Il dicloroetano, o cloruro di etilene, è un alogenuro alchilico che in passato veniva chiamato anche “olio olandese” poiché fu sintetizzato per la prima

volta nel 1794 dalla Gezelschap der Hollandsche Scheikundigen (Società dei chimici olandesi). A temperatura ambiente è un liquido incolore e oleoso dall’odore penetrante di solvente. È molto infiammabile e durante la combustione libera acido cloridrico e fosgene. Si ottiene per sintesi diretta, miscelando etilene e cloro gassosi a temperatura e pressione standard ed usando la luce o il cloruro ferrico come catalizzatori. Si usa perlopiù come intermedio nella sintesi del cloruro di vinile che è un precursore del PVC. È un buon solvente apolare ed è usato come agente sgrassante, diluente per vernici e come intermedio nella sintesi di molecole più complesse. In passato si usava anche come antidetonante per carburanti insieme con il piombo tetraetile.

Il dicloropropano è un composto organico classificato come clorocarburo. È un liquido incolore, infiammabile con un odore dolce e si ottiene come sottoprodotto della produzione su larga scala di epicloridrina. Il dicloropropano è un intermedio nella produzione di percloroetilene e altre sostanze chimiche contenenti cloro. Un tempo era utilizzata come fumigante per i terreni, come prodotto chimico intermedio, come solvente industriale e nella produzione di svernicianti e vernici.
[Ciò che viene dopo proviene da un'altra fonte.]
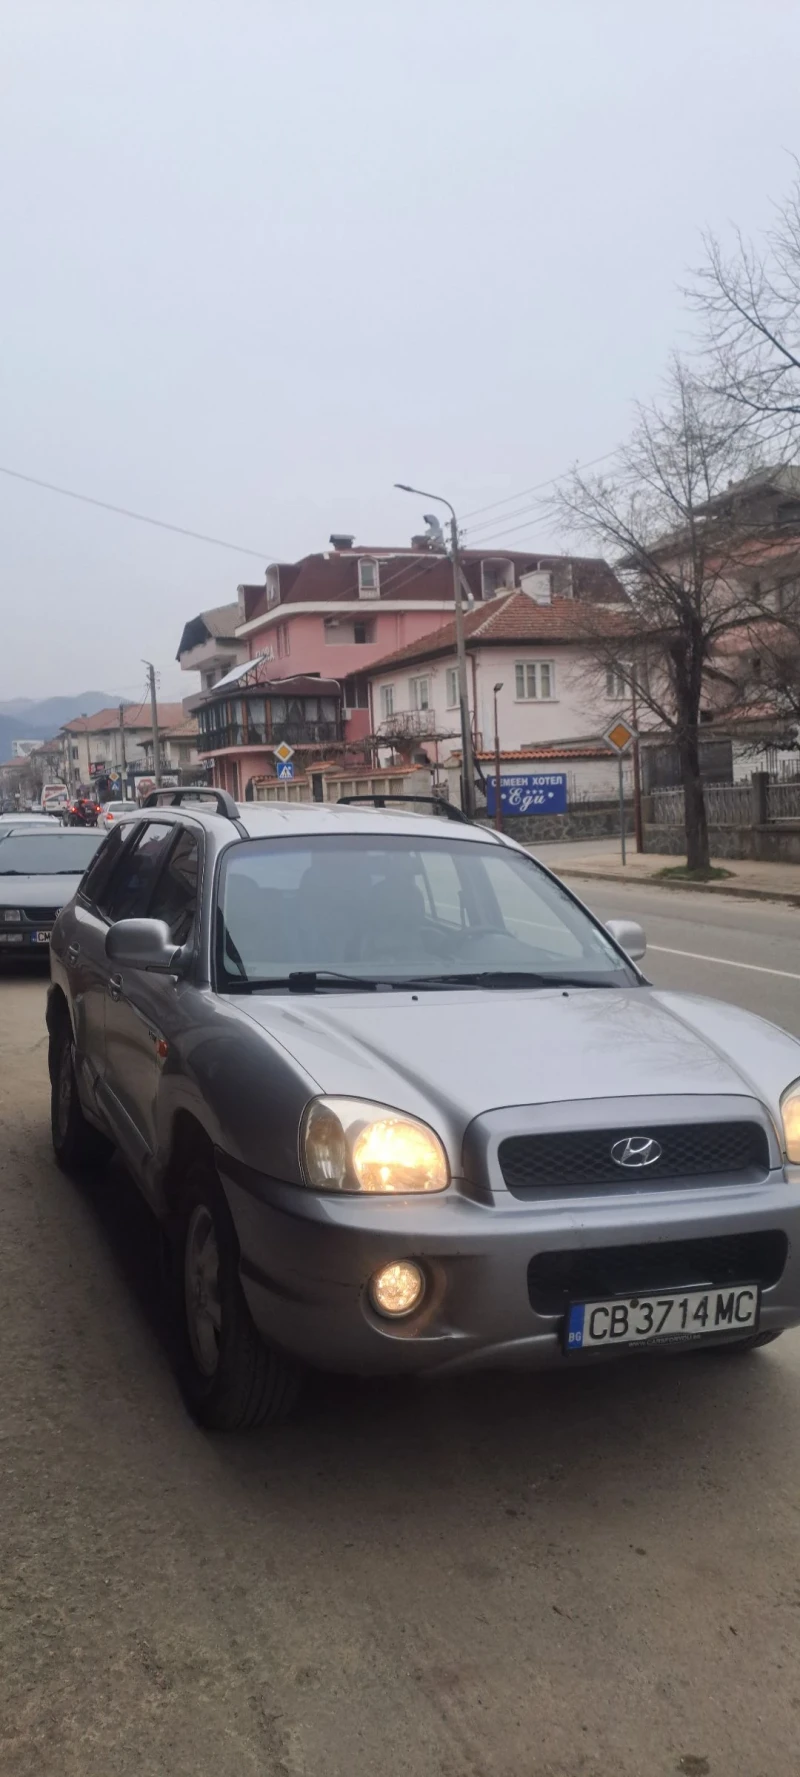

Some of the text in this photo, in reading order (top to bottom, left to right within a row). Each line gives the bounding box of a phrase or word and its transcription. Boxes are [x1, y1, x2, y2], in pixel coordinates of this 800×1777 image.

[532, 776, 563, 786] ХОТЕЛ
[588, 1290, 754, 1340] CB 3714 MC
[568, 1331, 582, 1343] BG
Il diclorobutano è un composto organico molto infiammabile, incolore, insolubile in acqua che si ottiene per reazione dell’acido cloridrico con tetraidrofurano ed è un intermedio nella sintesi dell’adiponitrile. Il diclorobutano è un cloroalcano che racchiude molte sostanze sotto questo nome generico (9 isomeri strutturali , di cui 5 hanno isomeri ottici). Essi sono ottenuti con metodi di sintesi comuni per cloroalcani come la clorurazione di radicali liberi di clorobutano o sostituzione nucleofila di butandioli, a seconda l’isomero desiderato. Gli isomeri di diclorobutano sono ulteriormente utilizzati in varie sintesi organiche industriali e di laboratorio, tra cui come precursore del nylon (via adiponitrile), per l’ottenimento di tetraidrofurano (THF) e di cloroprene.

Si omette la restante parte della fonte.